- **RECORDS TO USE**:
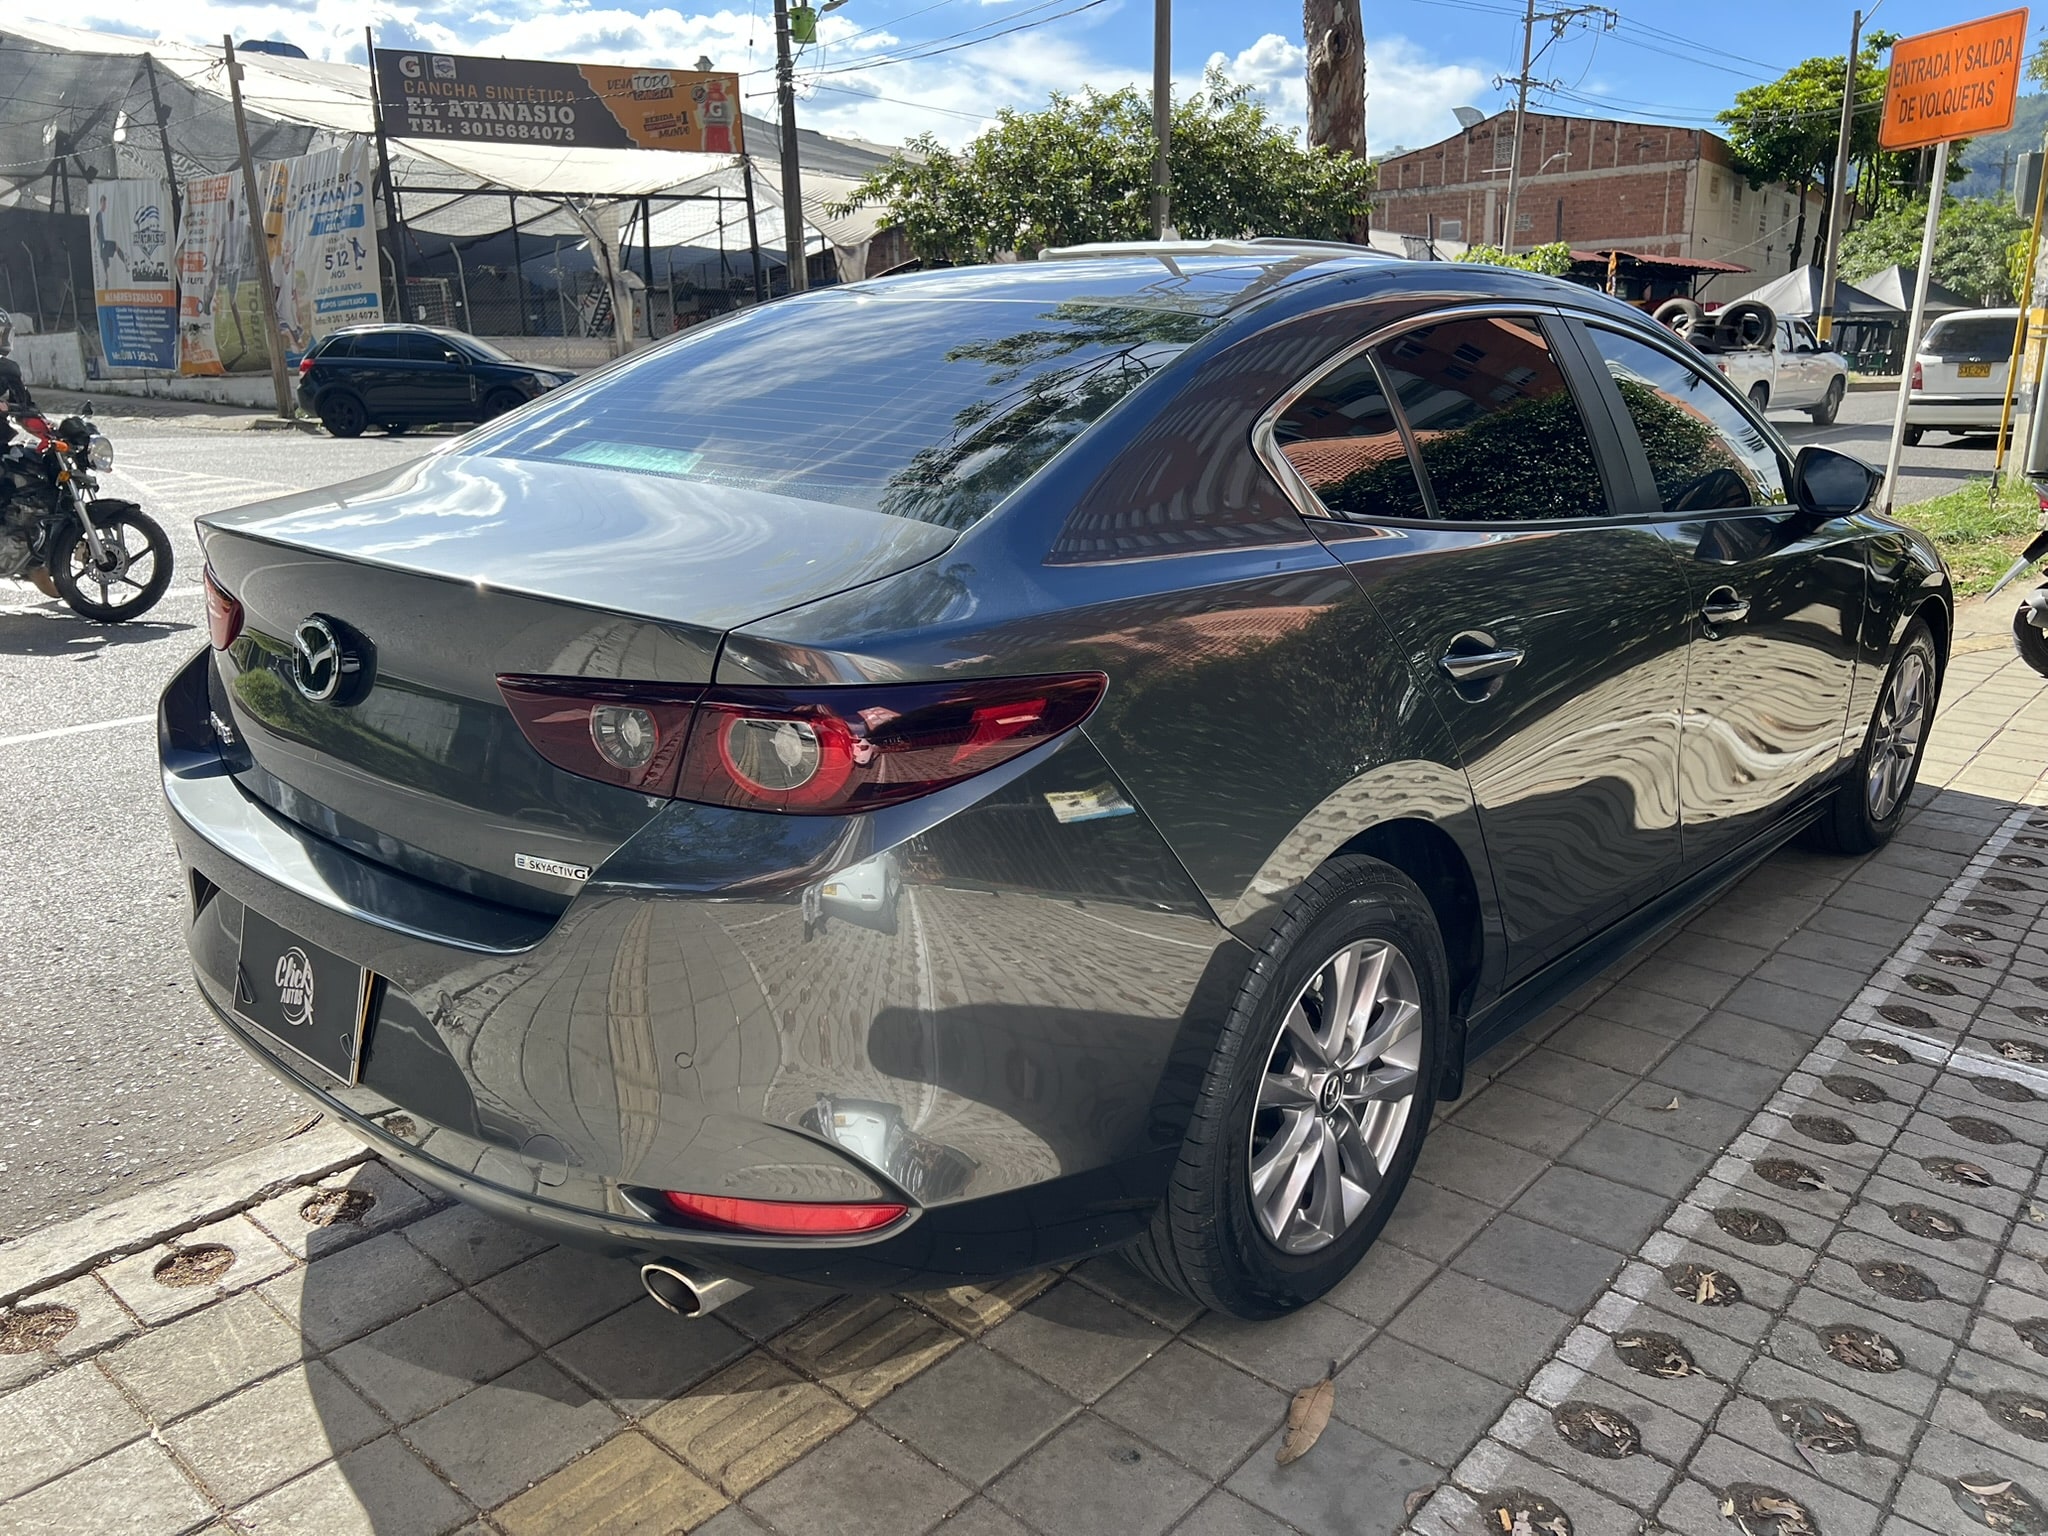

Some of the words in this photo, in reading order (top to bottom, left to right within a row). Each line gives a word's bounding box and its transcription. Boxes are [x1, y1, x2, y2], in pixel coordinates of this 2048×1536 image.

[1893, 54, 1950, 88] ENTRADA
[1954, 47, 1964, 74] Y
[1965, 37, 2012, 72] SALIDA
[404, 80, 479, 98] CANCHA
[485, 85, 576, 104] SINTÉTICA
[634, 74, 670, 89] TODO
[406, 97, 439, 116] EL
[448, 100, 576, 125] ATANASIO
[1899, 96, 1917, 123] DE
[1919, 79, 1995, 120] VOLQUETAS
[407, 118, 453, 133] TEL:
[460, 121, 576, 141] 3015684073
[275, 956, 313, 997] Click
[280, 987, 304, 1005] AUTOS

- **WORK TO COMPLETE**: Leave out the pictures and repeat the remaining data exactly.

- **RESPONSE AREA**:
Some of the words in this photo, in reading order (top to bottom, left to right within a row). Each line gives a word's bounding box and its transcription. Boxes are [x1, y1, x2, y2], in pixel coordinates of this 2048×1536 image.

[1893, 54, 1950, 88] ENTRADA
[1954, 47, 1964, 74] Y
[1965, 37, 2012, 72] SALIDA
[404, 80, 479, 98] CANCHA
[485, 85, 576, 104] SINTÉTICA
[634, 74, 670, 89] TODO
[406, 97, 439, 116] EL
[448, 100, 576, 125] ATANASIO
[1899, 96, 1917, 123] DE
[1919, 79, 1995, 120] VOLQUETAS
[407, 118, 453, 133] TEL:
[460, 121, 576, 141] 3015684073
[275, 956, 313, 997] Click
[280, 987, 304, 1005] AUTOS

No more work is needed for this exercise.